======== Source material

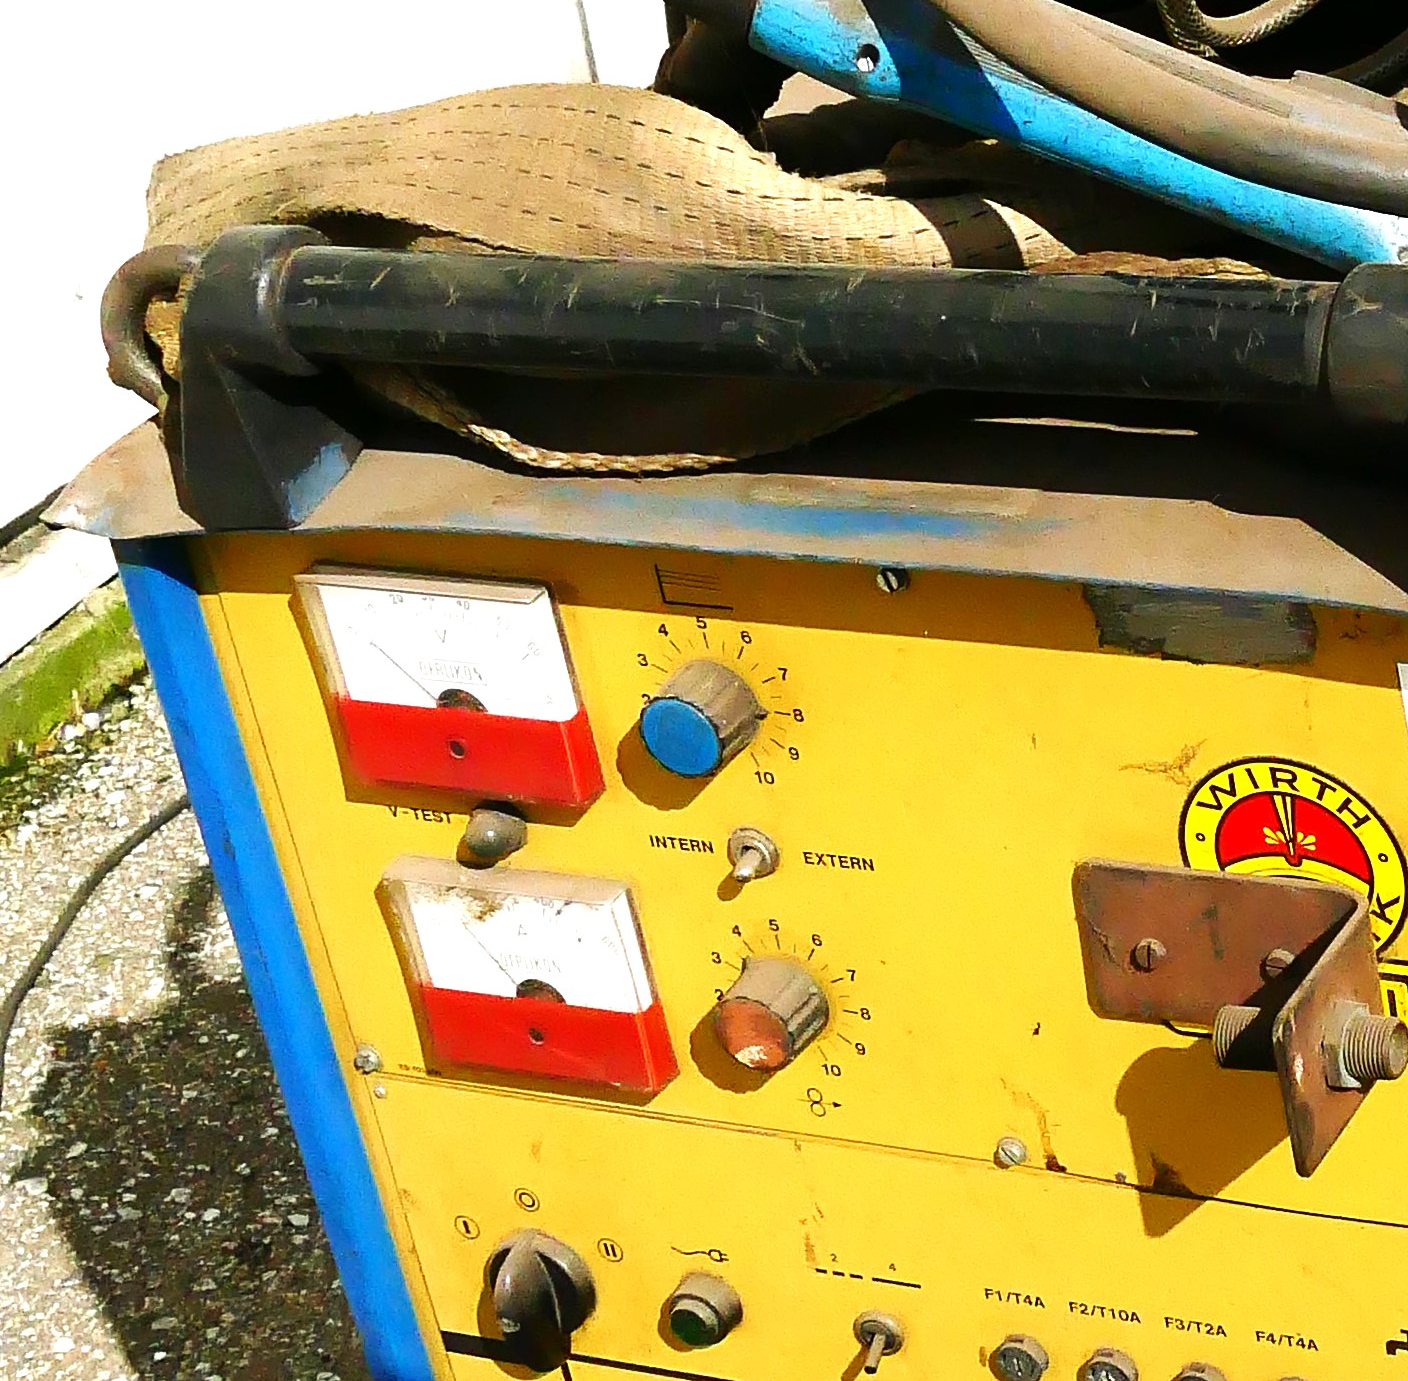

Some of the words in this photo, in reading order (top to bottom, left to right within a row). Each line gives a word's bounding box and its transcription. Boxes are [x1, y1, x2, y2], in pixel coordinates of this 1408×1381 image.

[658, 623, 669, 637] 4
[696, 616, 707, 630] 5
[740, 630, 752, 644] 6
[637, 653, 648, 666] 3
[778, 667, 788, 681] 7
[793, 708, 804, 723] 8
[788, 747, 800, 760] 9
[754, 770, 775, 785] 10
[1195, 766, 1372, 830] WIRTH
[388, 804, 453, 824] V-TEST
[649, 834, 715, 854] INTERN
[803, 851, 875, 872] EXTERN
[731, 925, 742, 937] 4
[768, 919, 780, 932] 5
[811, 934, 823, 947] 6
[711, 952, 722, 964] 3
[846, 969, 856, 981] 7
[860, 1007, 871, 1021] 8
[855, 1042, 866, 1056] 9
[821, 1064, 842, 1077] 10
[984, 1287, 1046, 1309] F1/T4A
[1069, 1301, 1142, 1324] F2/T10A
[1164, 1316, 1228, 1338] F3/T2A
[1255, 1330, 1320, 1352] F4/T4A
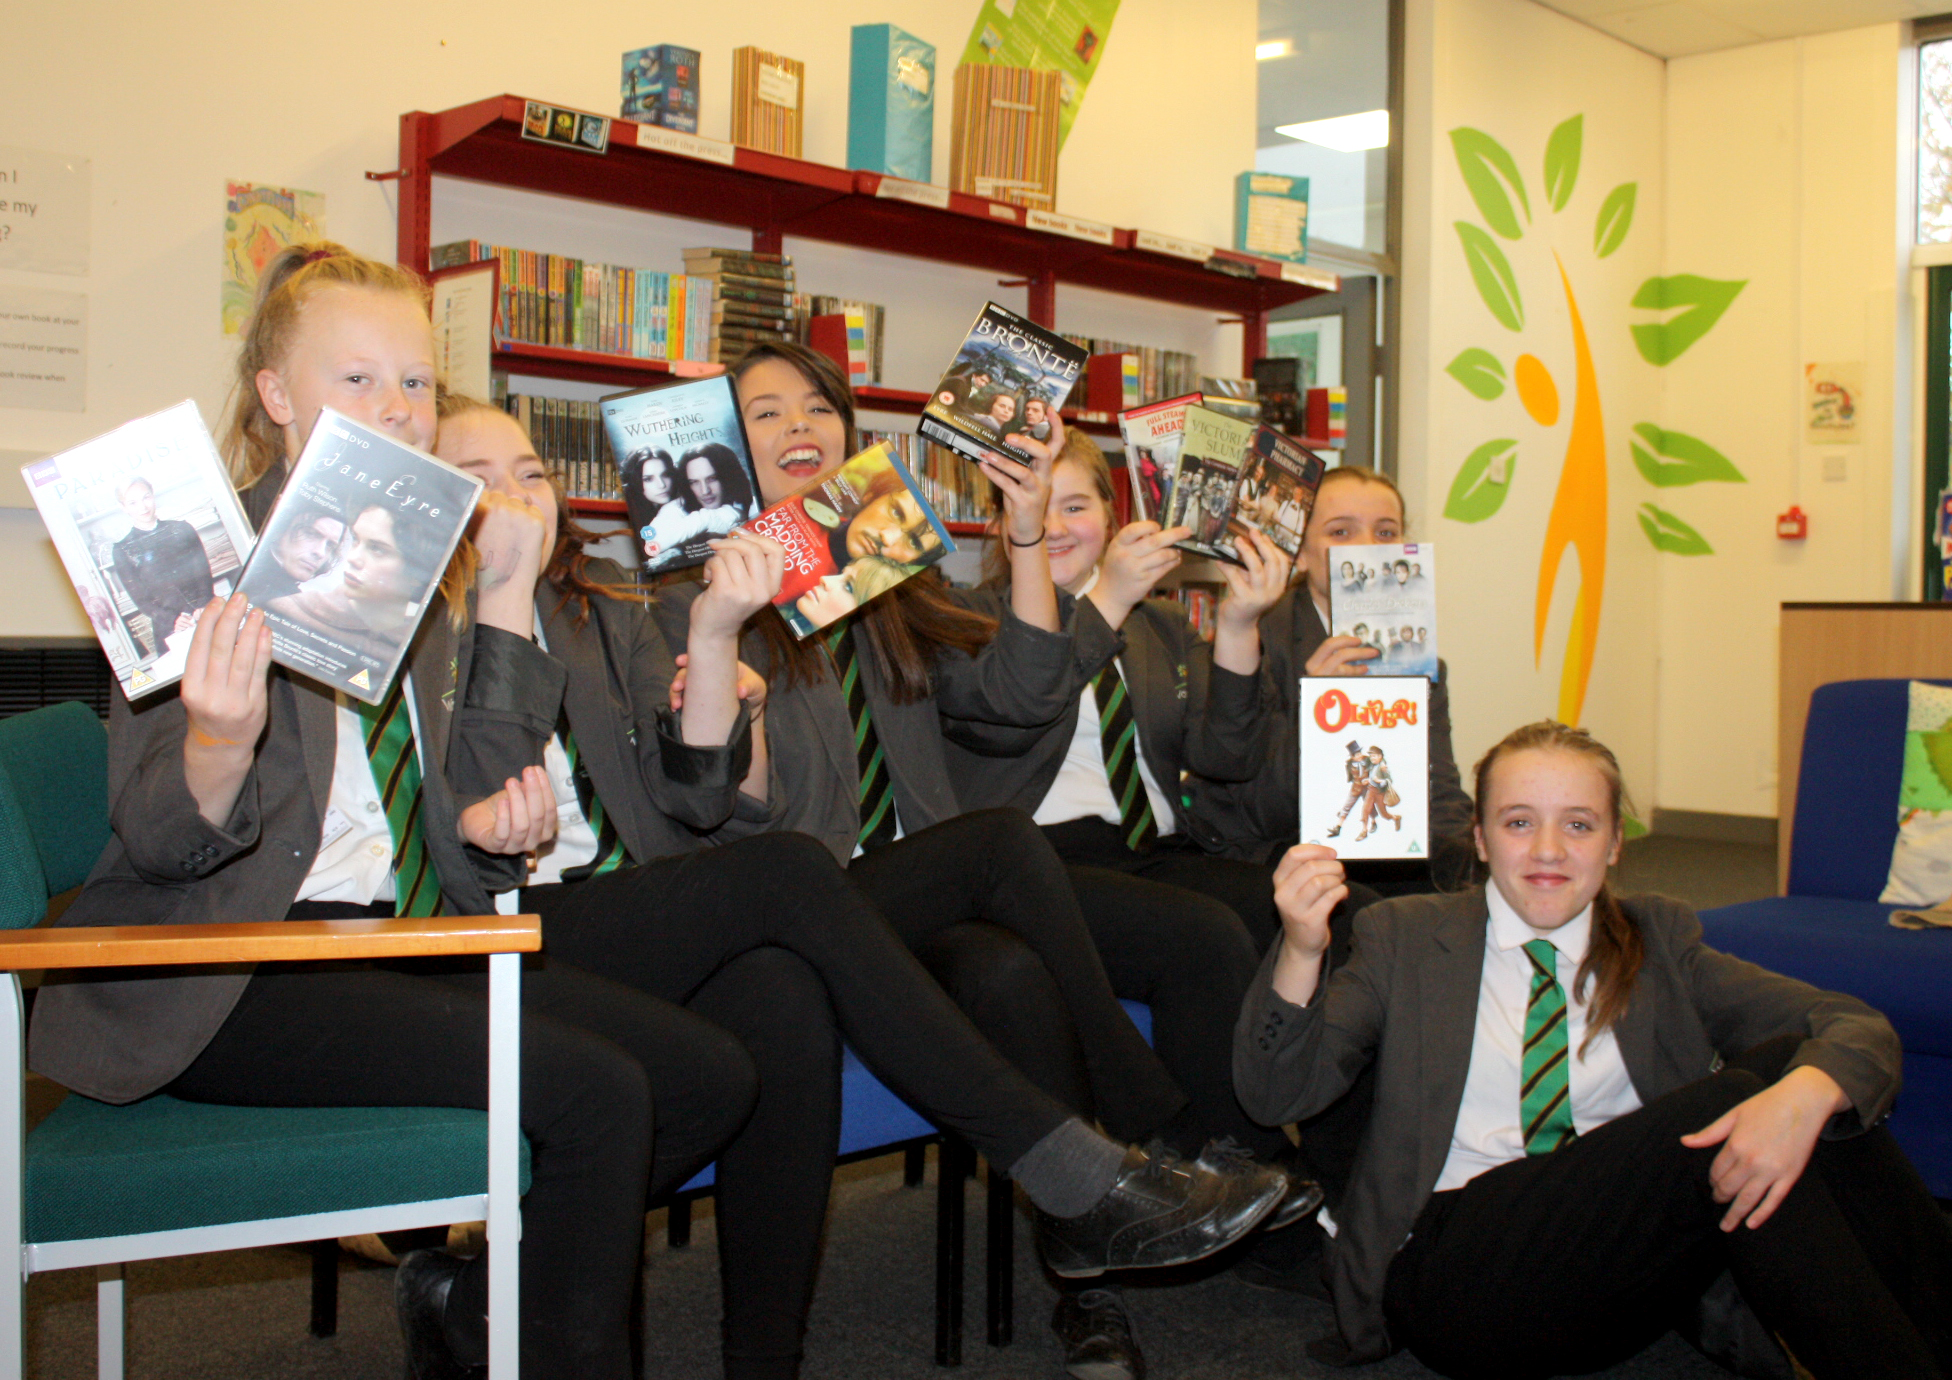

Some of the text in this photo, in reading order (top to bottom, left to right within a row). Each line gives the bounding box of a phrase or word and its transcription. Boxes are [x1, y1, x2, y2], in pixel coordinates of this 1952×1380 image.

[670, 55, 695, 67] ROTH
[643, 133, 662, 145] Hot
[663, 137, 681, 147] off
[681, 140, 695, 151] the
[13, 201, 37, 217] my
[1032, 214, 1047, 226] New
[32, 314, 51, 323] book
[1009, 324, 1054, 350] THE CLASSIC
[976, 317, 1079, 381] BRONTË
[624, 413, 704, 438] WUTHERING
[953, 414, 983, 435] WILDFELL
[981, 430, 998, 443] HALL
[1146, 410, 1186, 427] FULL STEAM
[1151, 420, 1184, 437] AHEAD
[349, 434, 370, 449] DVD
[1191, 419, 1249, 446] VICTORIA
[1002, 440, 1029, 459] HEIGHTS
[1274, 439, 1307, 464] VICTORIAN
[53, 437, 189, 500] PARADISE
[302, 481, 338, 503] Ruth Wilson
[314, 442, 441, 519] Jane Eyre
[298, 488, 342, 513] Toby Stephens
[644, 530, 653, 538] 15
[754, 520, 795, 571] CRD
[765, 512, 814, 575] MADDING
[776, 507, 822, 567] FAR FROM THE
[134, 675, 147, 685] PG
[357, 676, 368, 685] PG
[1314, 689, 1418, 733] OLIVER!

================

> _Task goal_
Pass over the images and copy the rest of the material above exactly.

> _Task answer_
Some of the words in this photo, in reading order (top to bottom, left to right within a row). Each line gives a word's bounding box and its transcription. Boxes are [x1, y1, x2, y2], in pixel coordinates of this 1408×1381 image.

[658, 623, 669, 637] 4
[696, 616, 707, 630] 5
[740, 630, 752, 644] 6
[637, 653, 648, 666] 3
[778, 667, 788, 681] 7
[793, 708, 804, 723] 8
[788, 747, 800, 760] 9
[754, 770, 775, 785] 10
[1195, 766, 1372, 830] WIRTH
[388, 804, 453, 824] V-TEST
[649, 834, 715, 854] INTERN
[803, 851, 875, 872] EXTERN
[731, 925, 742, 937] 4
[768, 919, 780, 932] 5
[811, 934, 823, 947] 6
[711, 952, 722, 964] 3
[846, 969, 856, 981] 7
[860, 1007, 871, 1021] 8
[855, 1042, 866, 1056] 9
[821, 1064, 842, 1077] 10
[984, 1287, 1046, 1309] F1/T4A
[1069, 1301, 1142, 1324] F2/T10A
[1164, 1316, 1228, 1338] F3/T2A
[1255, 1330, 1320, 1352] F4/T4A

Some of the text in this photo, in reading order (top to bottom, left to right within a row). Each line gives the bounding box of a phrase or word and its transcription. Boxes are [x1, y1, x2, y2], in pixel coordinates of this 1952×1380 image.

[670, 55, 695, 67] ROTH
[643, 133, 662, 145] Hot
[663, 137, 681, 147] off
[681, 140, 695, 151] the
[13, 201, 37, 217] my
[1032, 214, 1047, 226] New
[32, 314, 51, 323] book
[1009, 324, 1054, 350] THE CLASSIC
[976, 317, 1079, 381] BRONTË
[624, 413, 704, 438] WUTHERING
[953, 414, 983, 435] WILDFELL
[981, 430, 998, 443] HALL
[1146, 410, 1186, 427] FULL STEAM
[1151, 420, 1184, 437] AHEAD
[349, 434, 370, 449] DVD
[1191, 419, 1249, 446] VICTORIA
[1002, 440, 1029, 459] HEIGHTS
[1274, 439, 1307, 464] VICTORIAN
[53, 437, 189, 500] PARADISE
[302, 481, 338, 503] Ruth Wilson
[314, 442, 441, 519] Jane Eyre
[298, 488, 342, 513] Toby Stephens
[644, 530, 653, 538] 15
[754, 520, 795, 571] CRD
[765, 512, 814, 575] MADDING
[776, 507, 822, 567] FAR FROM THE
[134, 675, 147, 685] PG
[357, 676, 368, 685] PG
[1314, 689, 1418, 733] OLIVER!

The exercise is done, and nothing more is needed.